The fields you'll want to examine and modify are:

  • dbtype. In this example, it needs to be peloton
  • driver
  • DBUrl: modify the database type, port and database name. For Peloton, use default_database for database name.
  • username
  • password
  • isolation
  • scalefactor. In selecting scalefactor, be aware that running under valgrind slows down execution a lot, at least by an order of magnitude. If you would normally use a scalefactor of 1, you might need for instance, to use a scale factor of 0.1 to keep execution time from being excessive.
  • terminals
  • time
  • rate

If you want to change the default mix of operations, e.g. to exercise only reads, you'll need to adjust

  • weights

otherwise weights can be left alone

A portion of a config file for YCSB is shown below. It shows only the initial, modified portion of the file.

<parameters>
    <dbtype>peloton</dbtype>
    <driver>org.postgresql.Driver</driver>
    <DBUrl>jdbc:postgresql://localhost:15721/default_database</DBUrl>
    <username>postgres</username>
    <password>postgres</password>
    <isolation>TRANSACTION_SERIALIZABLE</isolation>
    <scalefactor>1</scalefactor> 
    <terminals>1</terminals>
    <works>
        <work>
          <time>20</time>
          <rate>unlimited</rate>
          <weights>50,5,15,10,10,10</weights>
        </work>
    </works>

Modifying the DDLs. These may be found in the source tree in a benchmark specific directory. For YCSB:

oltpbench/src/com/oltpbenchmark/benchmarks/ycsb/ddls

Oltpbench will select the database specific DDL if it exists, e.g. ycsb-peloton-ddl.sql, otherwise it will use the generic ddl, e.g. ycsb-ddl.sql.

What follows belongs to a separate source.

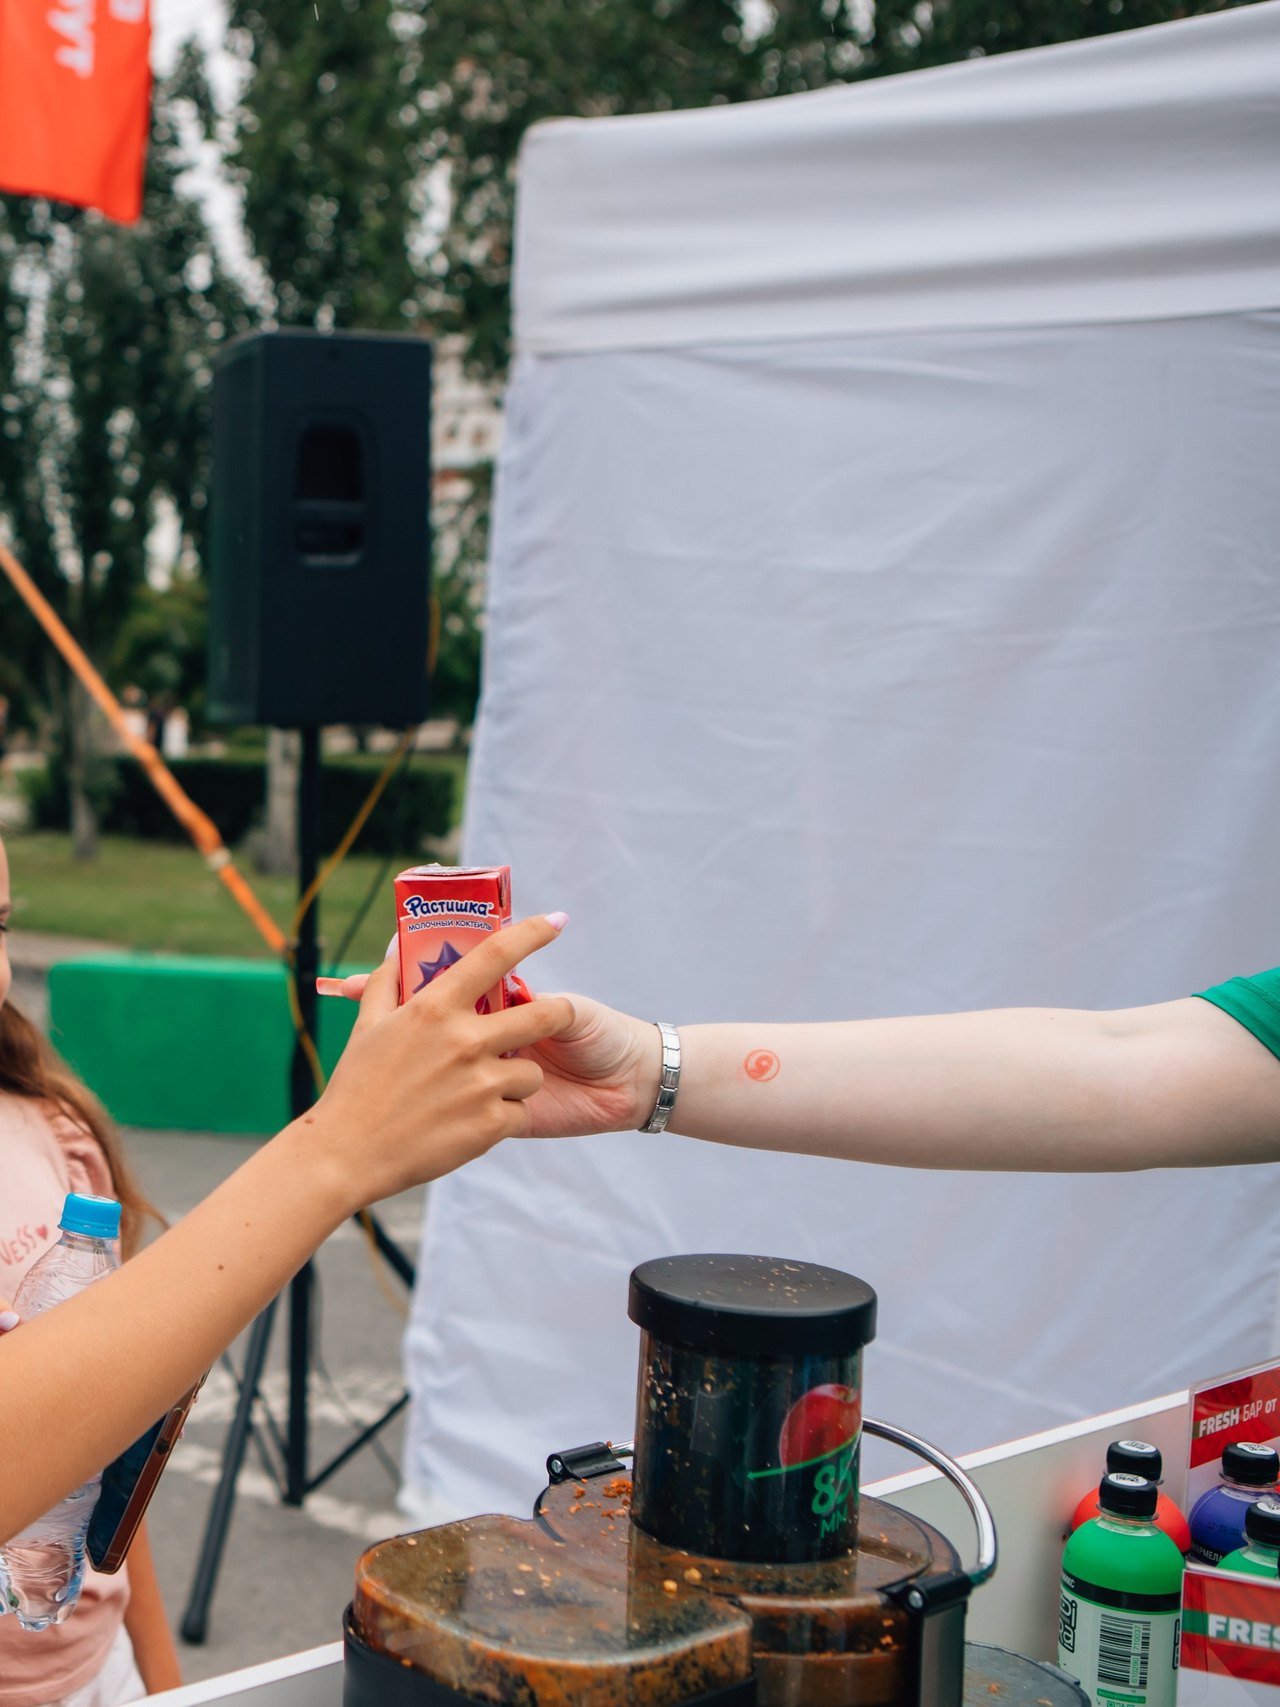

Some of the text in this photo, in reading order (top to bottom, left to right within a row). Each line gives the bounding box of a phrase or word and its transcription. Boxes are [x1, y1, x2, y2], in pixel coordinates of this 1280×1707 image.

[406, 896, 488, 917] Растишка
[1199, 1407, 1240, 1438] FRESH
[1243, 1400, 1263, 1422] БАР

The YCSB generic DDL looks like:

DROP TABLE IF EXISTS USERTABLE;
CREATE TABLE USERTABLE (
    YCSB_KEY INT PRIMARY KEY,
    FIELD1 VARCHAR(100), 
  	FIELD2 VARCHAR(100),
  	FIELD3 VARCHAR(100), 
  	FIELD4 VARCHAR(100),
  	FIELD5 VARCHAR(100), 
  	FIELD6 VARCHAR(100),
  	FIELD7 VARCHAR(100), 
  	FIELD8 VARCHAR(100),
  	FIELD9 VARCHAR(100), 
  	FIELD10 VARCHAR(100)
);

During execution of the benchmark, the field YCSB_KEY INT PRIMARY KEY will result in an index being created and index scans being used. If we wish instead, to force the database to use sequential scans, we would:

  1. Modify the relevant line in the DDL to be `YCSB_KEY INT,
  2. Rebuild oltpbench as follows:
  • ant clean
  • ant

The DDLs used during execution of the benchmark are taken from the build tree. You MUST clean and rebuild, otherwise the modification of the DDL in the source tree will NOT be used at runtime.

Running and collecting traces

  1. Start Peloton (from the bin directory). This starts it with data collection disabled.
   valgrind --tool=callgrind --trace-children=yes --instr-atstart=no ./peloton
  1. Now run the oltbench loading phase from the oltpbench directory, in the following style:
  ./oltpbenchmark -b ycsb -c <path to your ycsb_config.xml> --histograms
     --create=true --load=true -s 5  -o ycsb_output

Adjust your oltpbenchmark arguments as desired. For instance, you may not need --histograms.

Actual invocation e.g.

  ./oltpbenchmark -b ycsb -c ../../oltp_configs/ycsb_config.xml --histograms
     --create=true --load=true -s 5  -o ycsb_output
  1. Once the loading is complete, turn on data collection:
    callgrind_control -i on
  1. Now run the execution phase of the benchmark. Again, substituting the path to your config file:
   ./oltpbenchmark -b ycsb -c ../../oltp_configs/ycsb_config.xml \
   --histograms --execute=true -s 5  -o ycsb_output
  1. Now terminate Peloton. Issue ps axww|grep peloton and identify the pid of the Valgrind/Peloton process
   kill -TERM <pid>

You should now have a callgrind output file in the peloton bin directory.